■ **SUPPLIED DATA**:
□ □ □ □ □ □ □

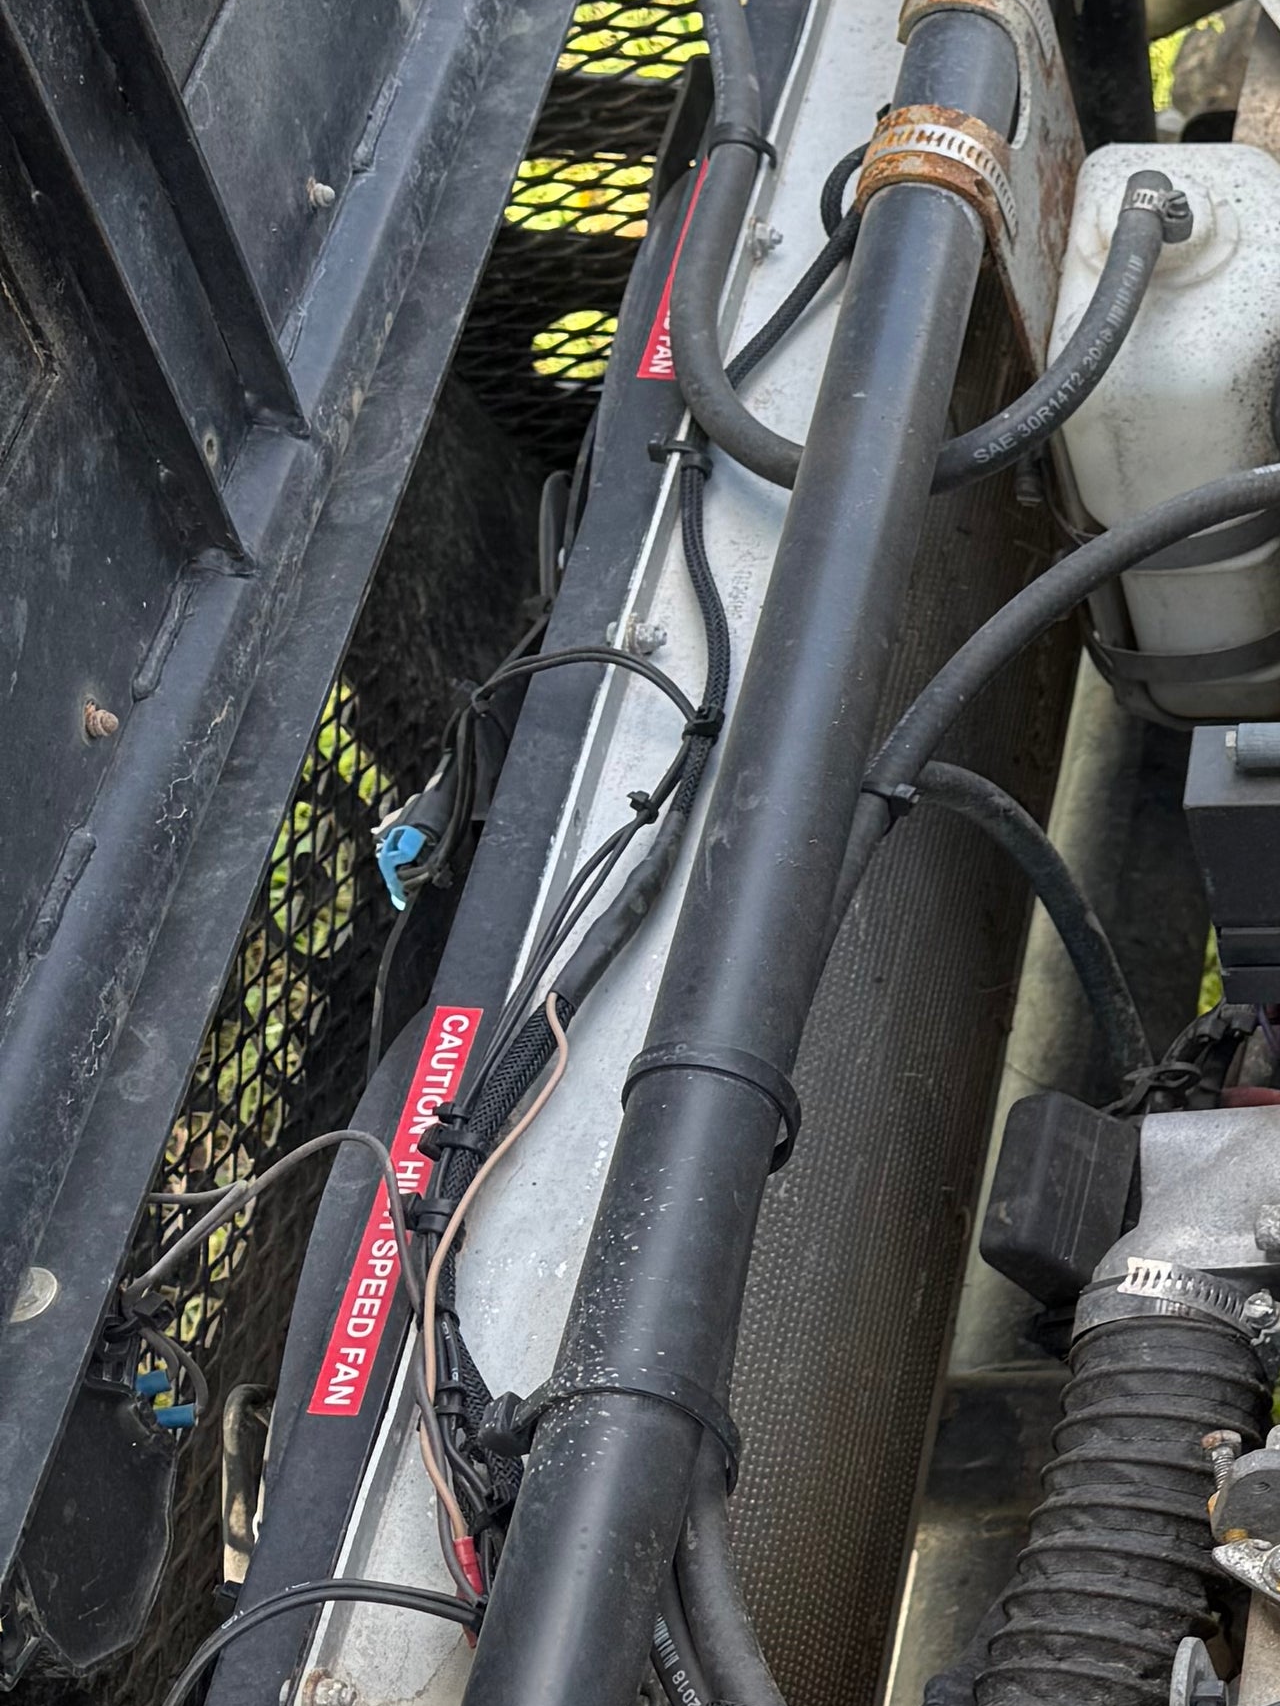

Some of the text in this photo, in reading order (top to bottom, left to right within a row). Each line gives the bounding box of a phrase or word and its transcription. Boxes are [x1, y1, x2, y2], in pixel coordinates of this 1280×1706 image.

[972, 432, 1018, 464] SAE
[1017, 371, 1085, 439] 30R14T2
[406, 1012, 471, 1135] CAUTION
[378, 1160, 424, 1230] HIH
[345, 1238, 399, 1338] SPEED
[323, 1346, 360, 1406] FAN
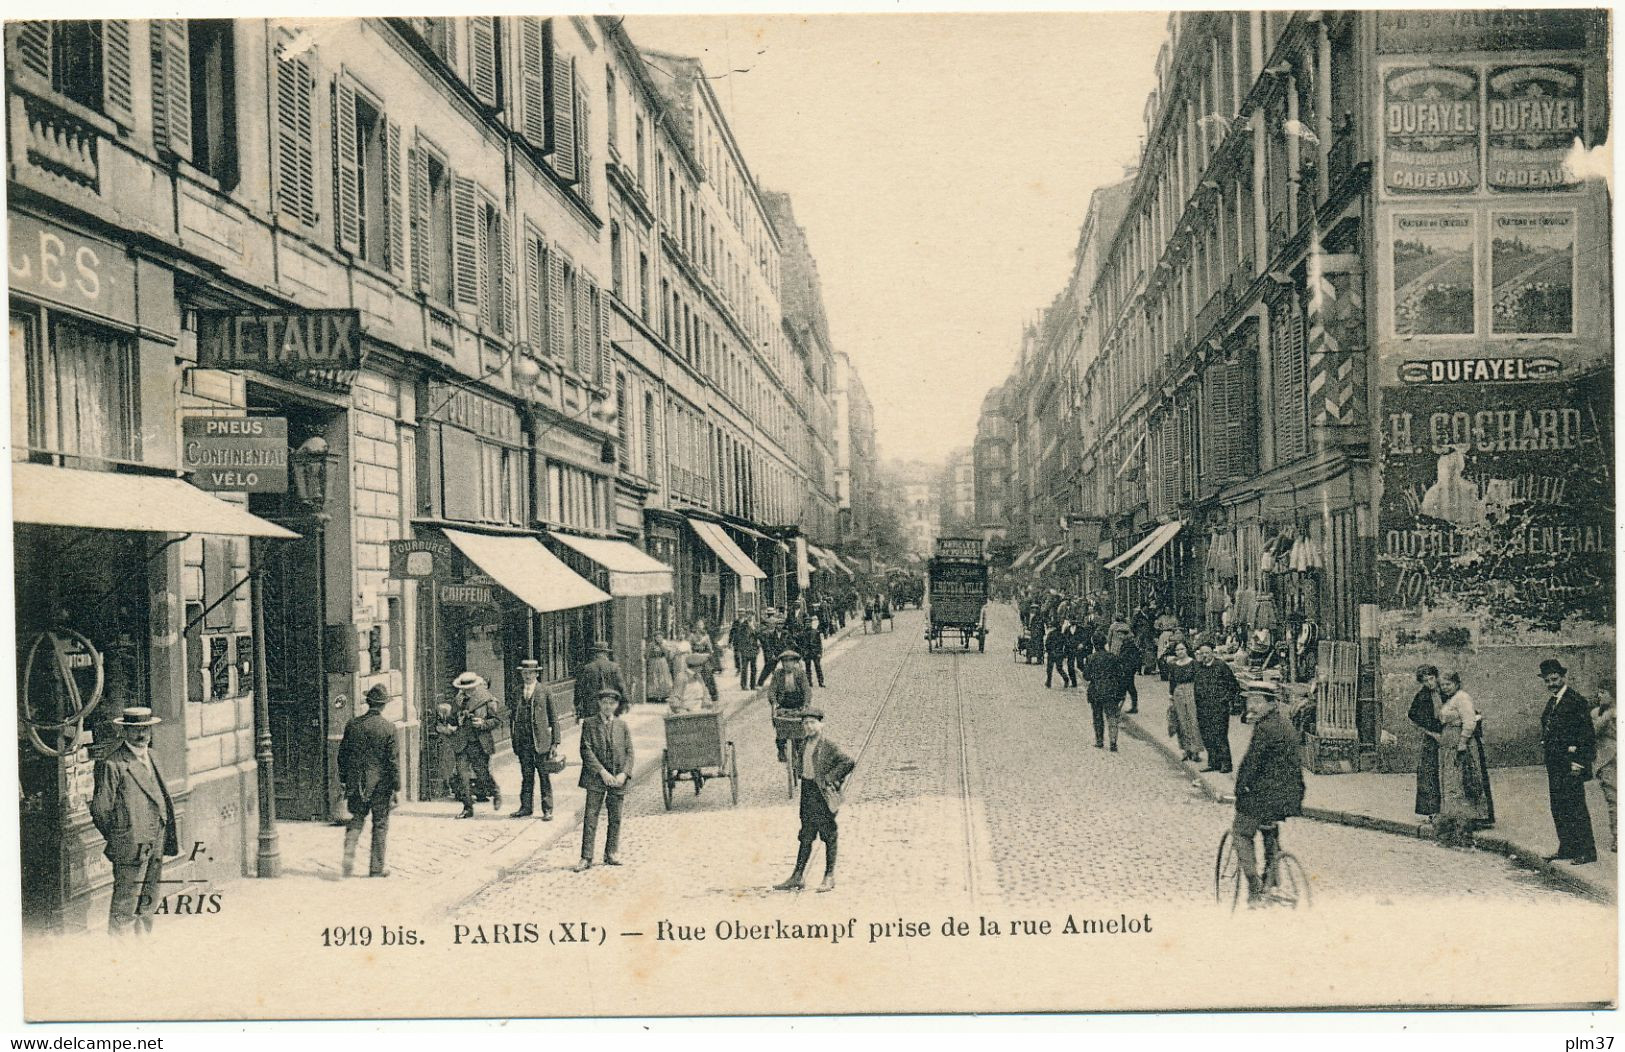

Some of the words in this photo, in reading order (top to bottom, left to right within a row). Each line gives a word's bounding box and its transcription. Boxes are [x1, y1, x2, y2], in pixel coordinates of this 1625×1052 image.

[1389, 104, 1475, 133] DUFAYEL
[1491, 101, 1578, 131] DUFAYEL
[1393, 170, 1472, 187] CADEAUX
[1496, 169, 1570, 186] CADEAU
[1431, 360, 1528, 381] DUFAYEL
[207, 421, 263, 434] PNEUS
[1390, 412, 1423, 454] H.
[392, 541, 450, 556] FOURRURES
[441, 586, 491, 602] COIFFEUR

□ □ □ □ □ □ □

■ **AIM OF THE TASK**:
Output the records above verbatim. Pictures stay out.

■ **WRITTEN SOLUTION**:
Some of the text in this photo, in reading order (top to bottom, left to right within a row). Each line gives the bounding box of a phrase or word and its transcription. Boxes are [x1, y1, x2, y2], in pixel coordinates of this 1280×1706 image.

[972, 432, 1018, 464] SAE
[1017, 371, 1085, 439] 30R14T2
[406, 1012, 471, 1135] CAUTION
[378, 1160, 424, 1230] HIH
[345, 1238, 399, 1338] SPEED
[323, 1346, 360, 1406] FAN

Some of the words in this photo, in reading order (top to bottom, left to right within a row). Each line gives a word's bounding box and its transcription. Boxes are [x1, y1, x2, y2], in pixel coordinates of this 1625×1052 image.

[1389, 104, 1475, 133] DUFAYEL
[1491, 101, 1578, 131] DUFAYEL
[1393, 170, 1472, 187] CADEAUX
[1496, 169, 1570, 186] CADEAU
[1431, 360, 1528, 381] DUFAYEL
[207, 421, 263, 434] PNEUS
[1390, 412, 1423, 454] H.
[392, 541, 450, 556] FOURRURES
[441, 586, 491, 602] COIFFEUR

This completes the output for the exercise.